Labour sector to play a key role in the International Conference on Chemicals Management (ICCM5)

News | 14 September 2023
Contact(s): labadmin-osh@ilo.org
The International Labour Organization (ILO) will be attending the fifth session of the International Conference on Chemicals Management (ICCM5, 25 to 29 September 2023) and taking an active role in engaging labour sector constituents. A significant number of labour sector representatives, from government, employer groups and workers’ organizations, will participate as part of the labour sector delegation, with the goal of successfully collaborating to promote occupational safety and health in this global forum on hazardous chemicals.

The ICCM undertakes periodic reviews of the Strategic Approach to International Chemicals Management (SAICM), which is a policy framework to promote chemical safety around the world. ICCM5 has a potential to be an important milestone with the expected adoption of the “The Beyond 2020 global chemical and waste framework” and the Bonn High-level Declaration on Chemicals and Waste.

Ahead of ICCM5, the ILO Director-General Gilbert F. Houngbo spoke at the 2023 Berlin Forum on Chemicals and Sustainability:


The widespread use of hazardous chemicals demands our urgent attention, as it impacts the safety and health of workers, the public, and the environment, and threatens our broader aims of decent work and social justice for all. Workers are among those most exposed to hazardous chemicals, with more than 1 billion workers exposed each year. Of these, more than 1 million workers lose their lives due to hazardous chemical exposures, while countless others suffer from debilitating diseases and lifelong disabilities. 

With the right to ‘a safe and healthy working environment’ now considered a fundamental principle and right at work, reducing these tragic preventable deaths and injuries must be a priority.

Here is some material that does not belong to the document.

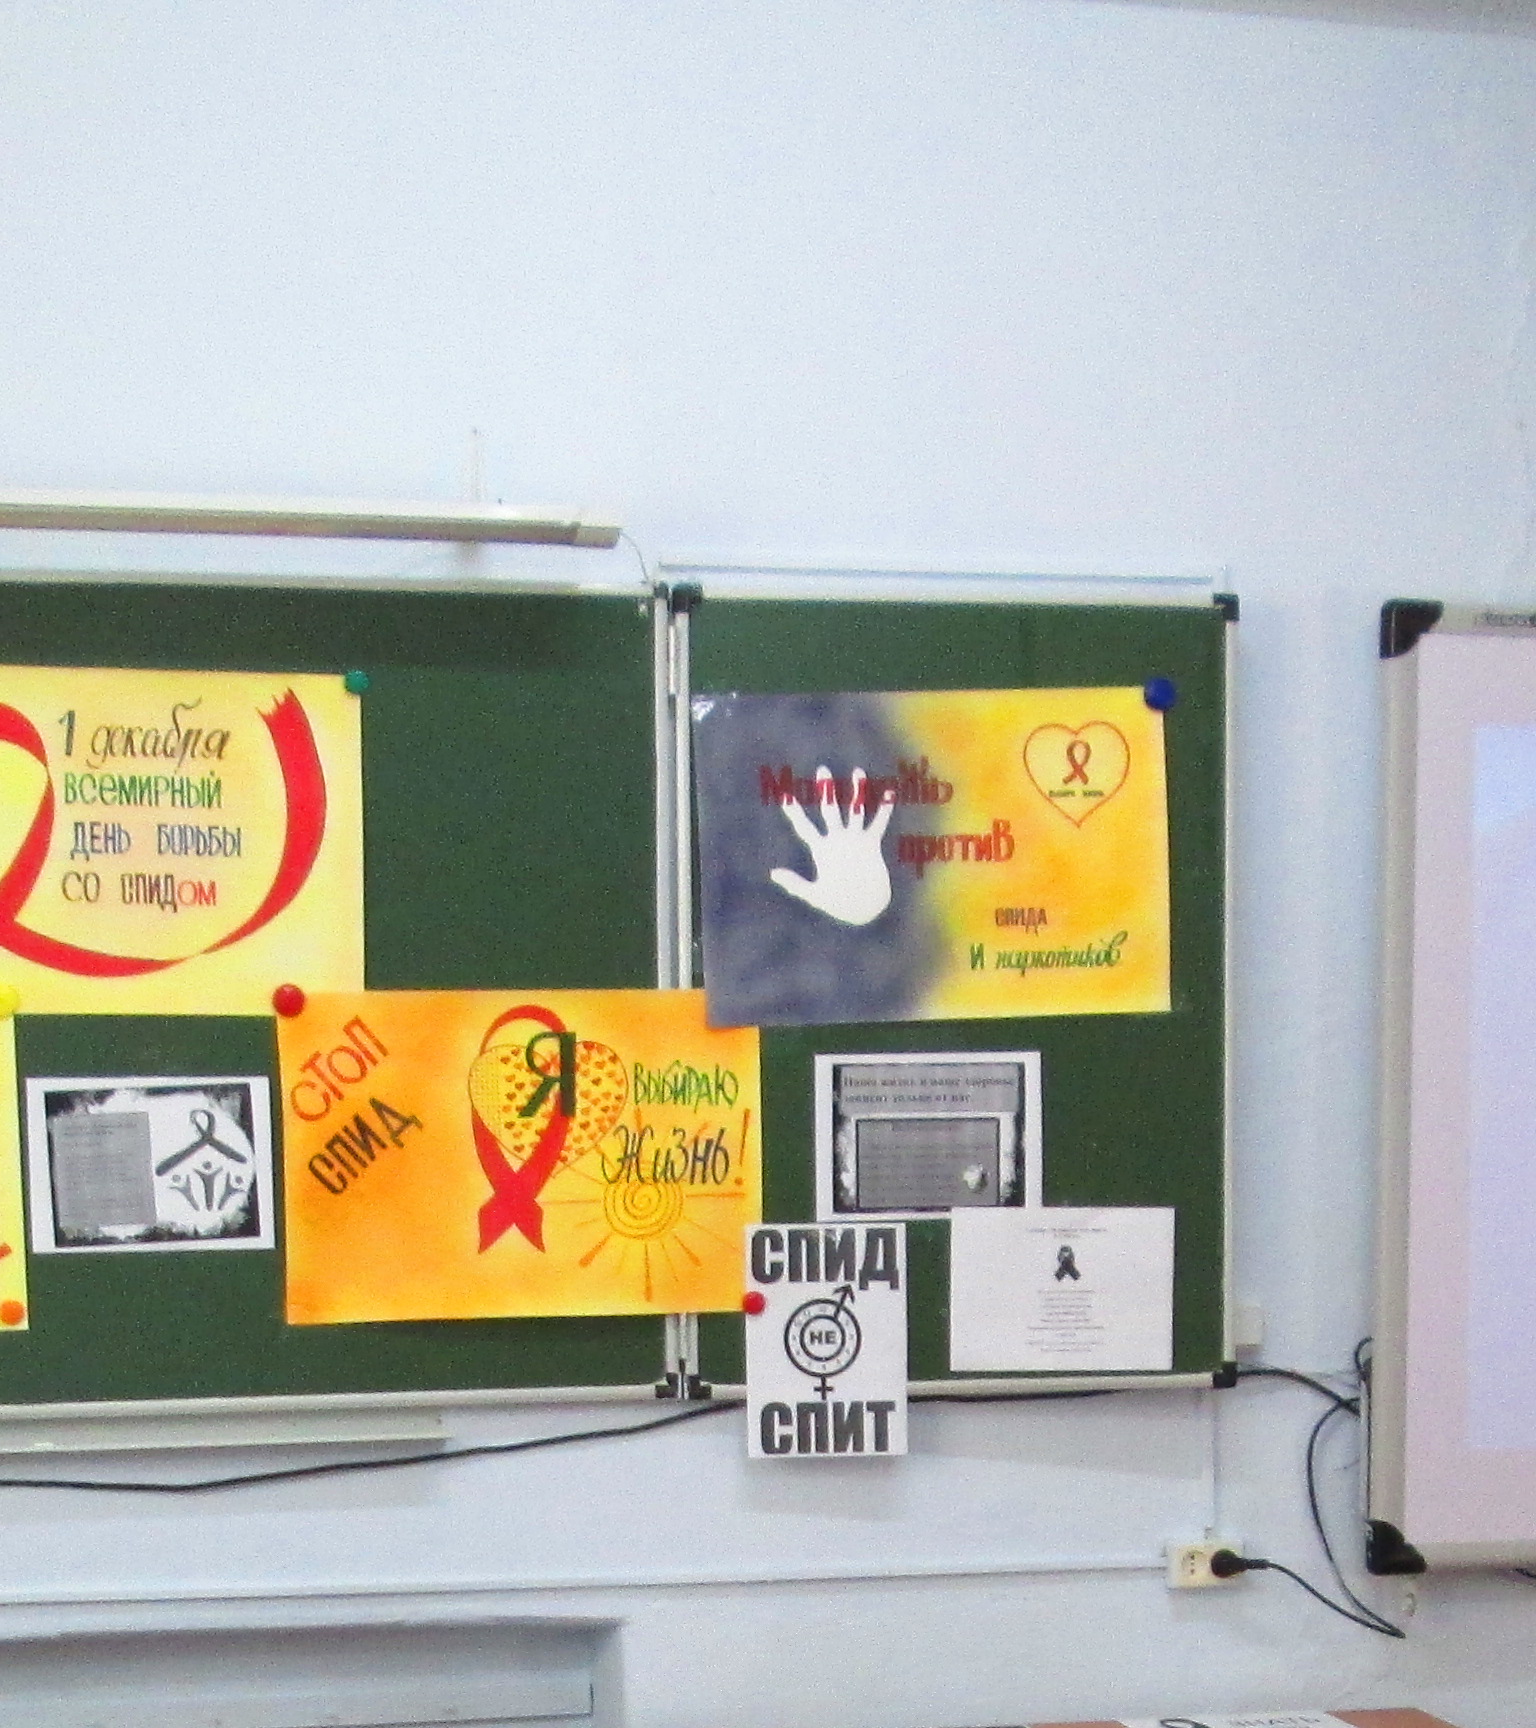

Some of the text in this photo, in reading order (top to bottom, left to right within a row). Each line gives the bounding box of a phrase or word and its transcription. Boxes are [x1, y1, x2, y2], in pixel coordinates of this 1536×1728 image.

The ILO has long recognized that the protection of workers from hazardous chemicals is essential to ensuring healthy populations, as well as sustainable environments. It has adopted more than 50 legal instruments on the protection of workers, as well as the public and the environment, from chemical hazards, including the Chemicals Convention, 1990 (No.170) and the Prevention of Major Industrial Accidents Convention, 1993 (No. 174). Looking forward, the ILO will also be engaging in the development of a new standard to complement Convention No. 170 and revising five older instruments, to ensure continued relevance of the ILO normative framework on chemical hazards. This is truly a timely development and will allow for consolidation of recent global work on chemicals management through the SAICM process.

The ILO has been involved in SAICM process since 2006, when it was approved by the ILO Governing Body. With its extensive body of legally binding standards related to chemical safety, the ILO will play a critical role in the SAICM process, including the successful implementation of SAICM and the instrument that comes out of Bonn. The ILO recognizes the importance of making a broader link between hazardous chemical exposures and other emerging occupational safety and health risks, for example climate change and the just transition. By prioritizing the sound management of chemicals and wastes within a just transition, we can work towards improved processes that protect workers from hazardous exposures to chemicals, while at the same time greening the economy in a way that is as inclusive as possible to everyone concerned, creating decent work opportunities and leaving no one behind.